How Much is a Loyal, Satisfied Customer Worth?
Plenty, according to Ron Zemke and Thomas Connellan, authors of "Sustaining Knock your Socks off Service." For every percentage point that Marriott improves its customer satisfaction ratings, returning customers add $50 million to its revenues. A one percent increase in customer satisfaction at the IBM plant in Minnesota is worth $257 million in additional revenues over five years.
There's a simple formula for satisfying and retaining customers: Know who they are and know how they respond to interaction with your company. Be sure they look forward to calling or visiting and that they remember previous calls as pleasant and rewarding.
When your customers evaluate your product or service and the way it's delivered, they weigh these five quality factors:
1. Reliability: Provide what you promise. When Federal Express promises your package will arrive before 10:30 the next morning
and it does; that's reliability.
2. Responsiveness: When customers ask for help or information, they want it delivered quickly and accurately.
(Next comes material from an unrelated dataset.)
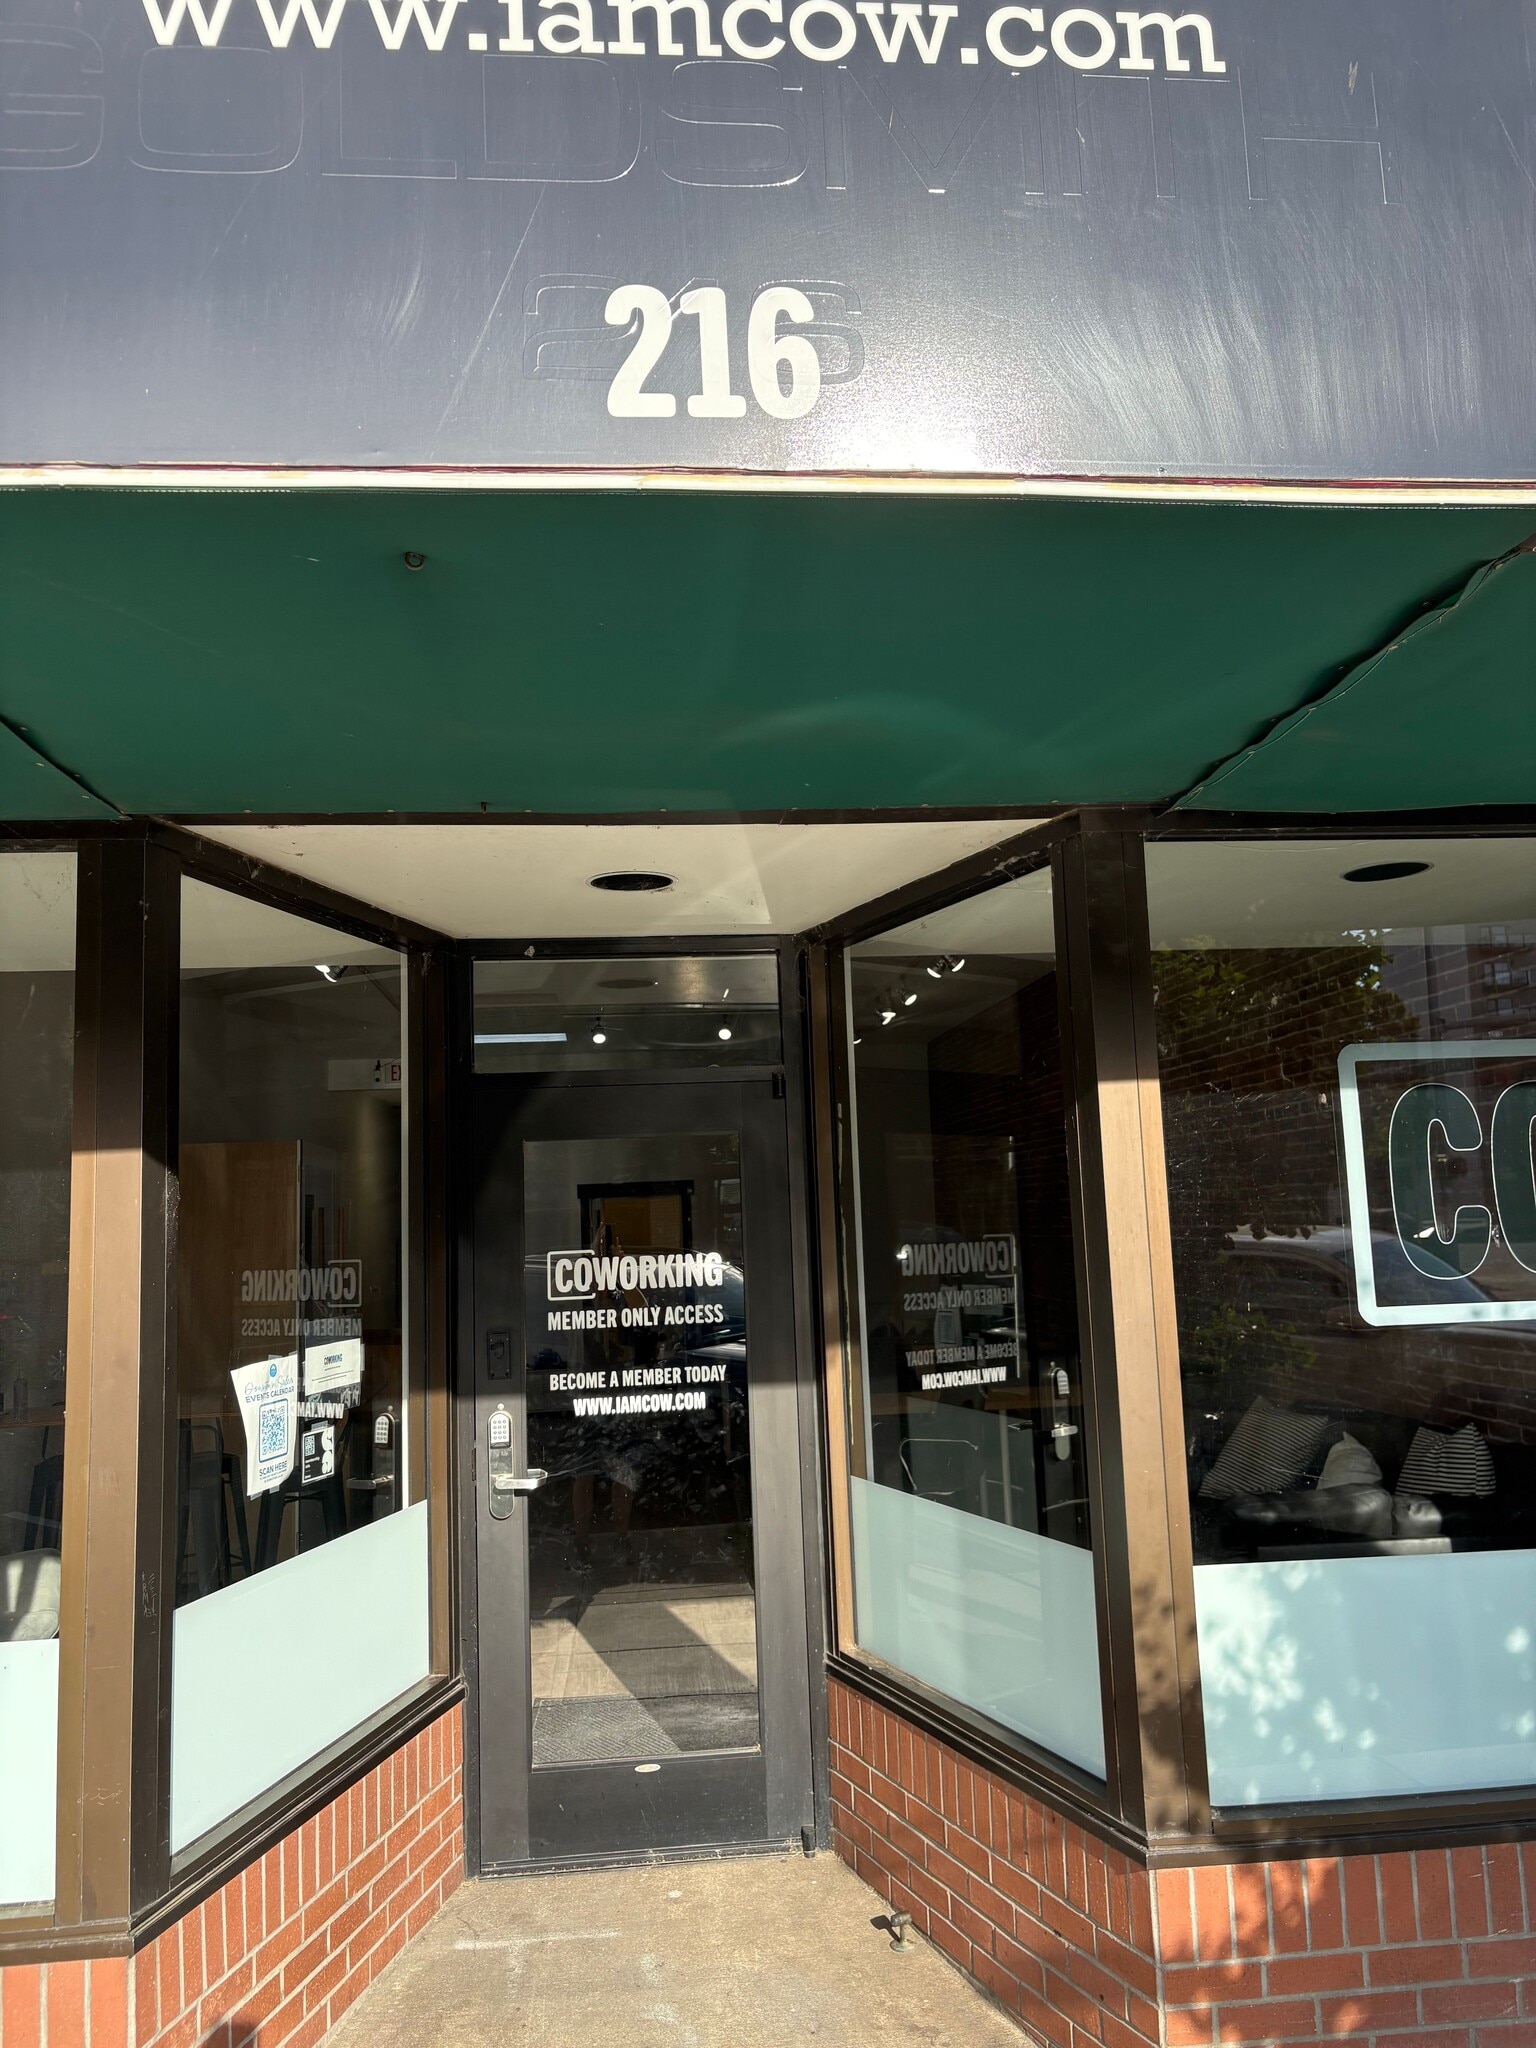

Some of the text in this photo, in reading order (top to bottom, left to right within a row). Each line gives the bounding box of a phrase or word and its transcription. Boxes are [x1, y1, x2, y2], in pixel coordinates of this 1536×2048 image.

3. Assurance: Your salespeople must be perceived as much more knowledgeable than those of the competition.
4. Empathy: Your customers should all agree that "my salesperson treats me as an individual."
5. Tangibles: Clean delivery trucks; well-designed product bulletins, catalogs and brochures; a neat, orderly workplace.
Practices of Assurance, Empathy and the development of Tangibles are all a part of the Kingdon-Nichols contribution to the success of its clients. But, remember, customer satisfaction is often a perceived quality. Your job is outstanding performance. Our job is to see that you get credit for it.